The case, filed in response to the NLA's licensing scheme for the supply and receipt of URLs, is expected to take between nine and 12 months to be resolved.
PRCA director general Francis Ingham said: ‘In the face of their aggression, it's not good enough just to talk tough with the NLA - we need to act tough too. That is why we have intervened in support of Meltwater.'
He added: ‘We will now pursue this case with vigour and to a conclusion. We are clear that the NLA's pretensions have no basis in law, and represent an intolerable attempt to restrict and to tax knowledge. We are certain that standing up to the NLA, and standing up for the PR industry, is the right thing to do.'
The NLA caused anger among the PR industry when it announced plans last year to seek payment for paid-for web articles.
In December, the NLA controversially struck a deal with all but two press cuttings agencies and web aggregators for the licensing of paid-for business-to-business monitoring of web content.
While the new web licences came into force on 1 January 2010, the NLA announced it was suspending invoicing until the outcome of the Copyright Tribunal brought by Meltwater News.

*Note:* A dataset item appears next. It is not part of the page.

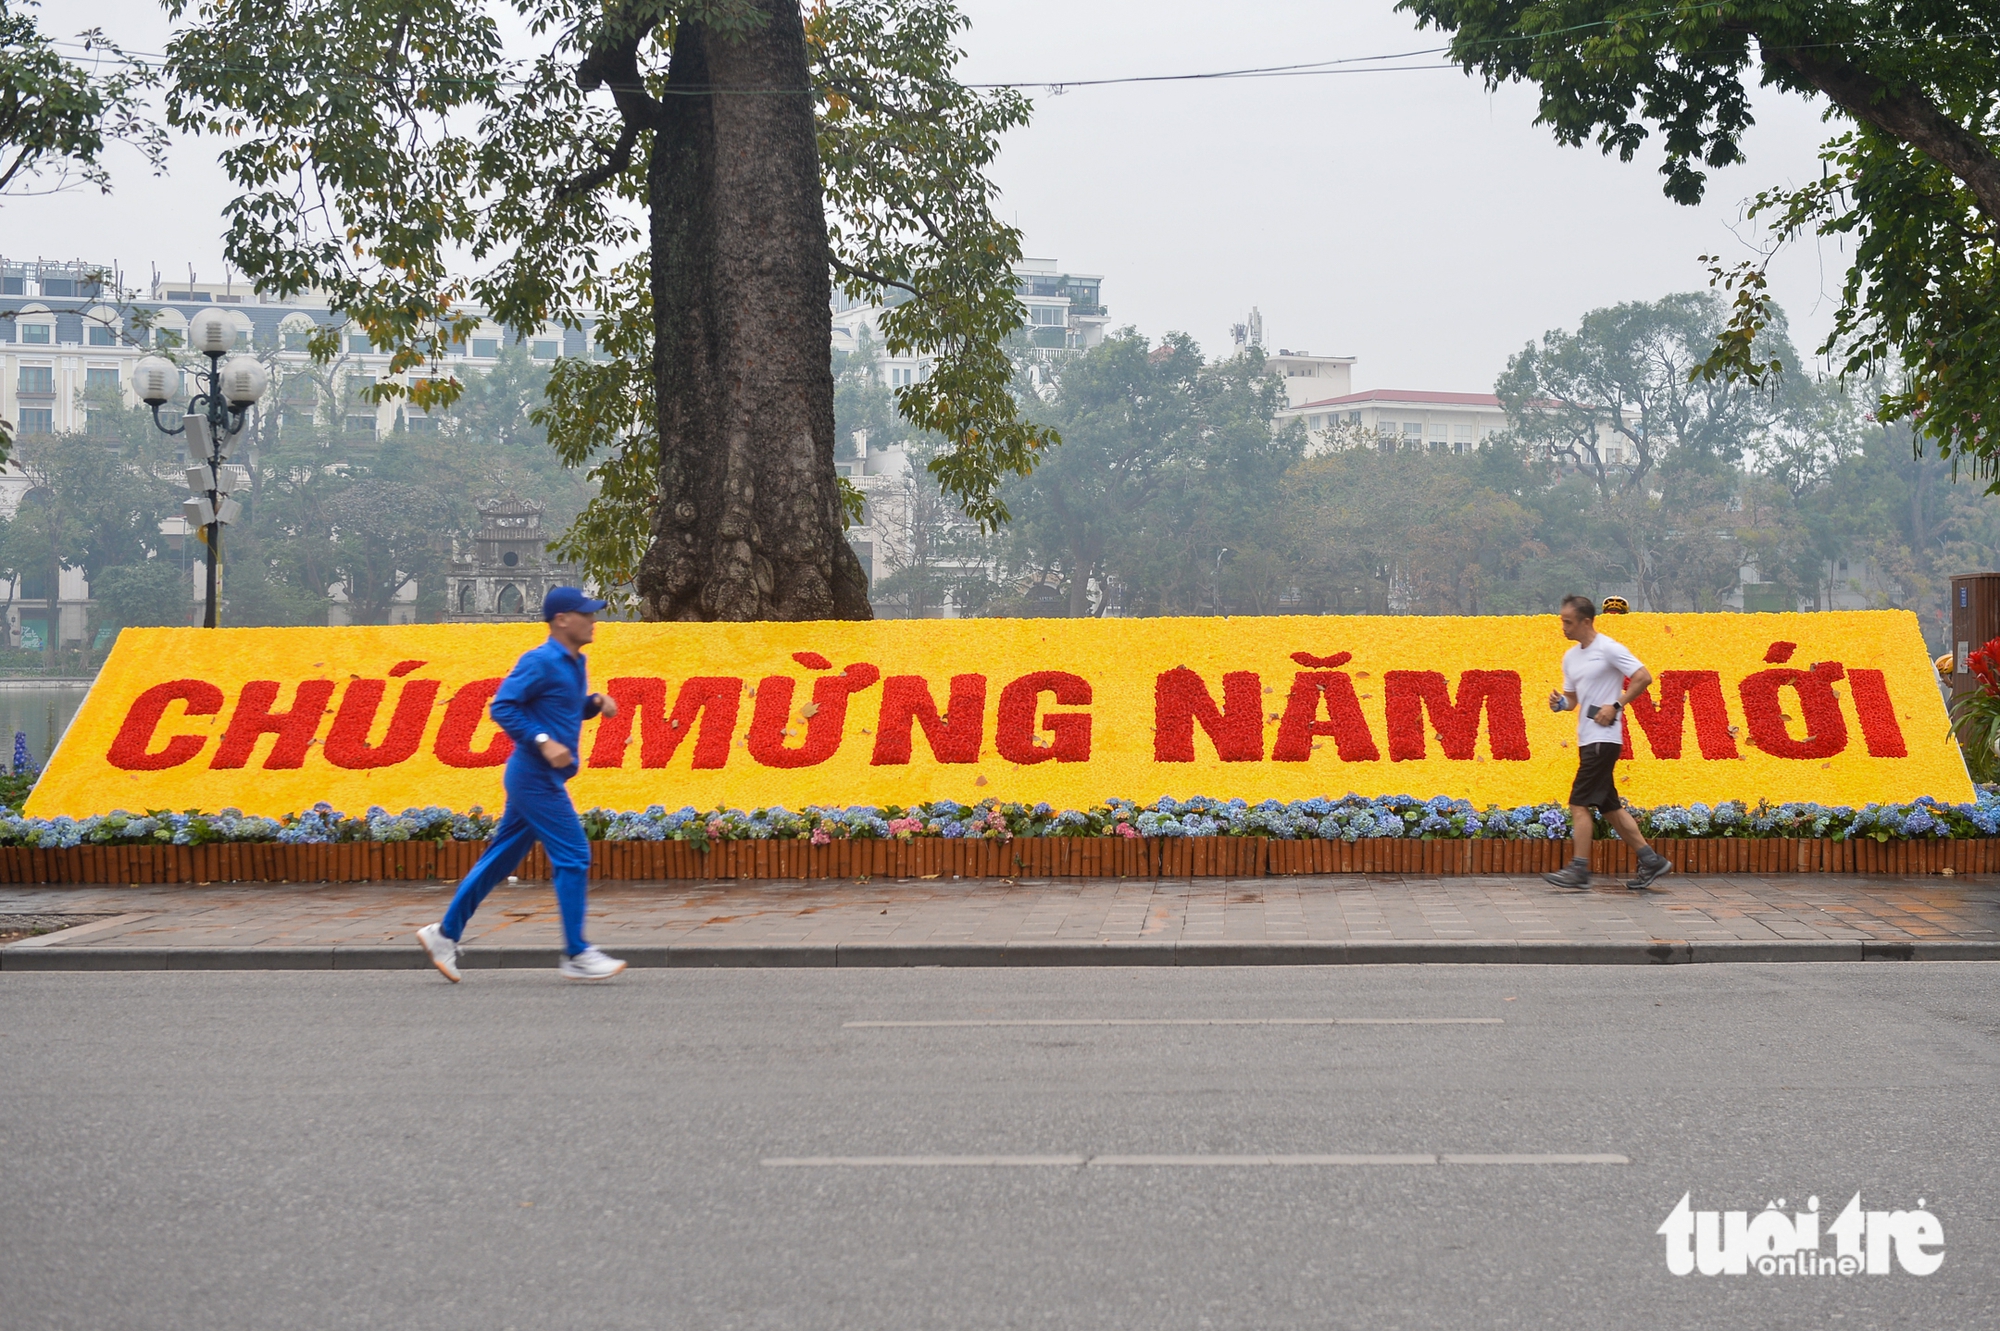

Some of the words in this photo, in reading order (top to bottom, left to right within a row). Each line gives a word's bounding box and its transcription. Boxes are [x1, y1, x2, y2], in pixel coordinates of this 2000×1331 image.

[107, 660, 514, 771] CHÚC
[588, 651, 1093, 770] MỪNG
[1154, 651, 1531, 763] NĂM
[1619, 641, 1908, 760] MỚI

An NLA spokesman said: ‘This move from the PRCA comes as no surprise and makes no difference to web licensing for newspaper content. Monitoring agencies are still required to have and pay for a web licence but we will not invoice their clients for their NLA web licences until the Copyright Tribunal has ruled. We regret that, unlike other trade organisations and companies, the PRCA chose not to engage constructively while the NLA consulted on its web licences throughout 2009.'
The Financial Times announced last week that it was was planning to make changes to the way it sells licences for its products. The newspaper is extending its direct licence to include digital images of FT newspaper articles, which are currently licensed by the NLA.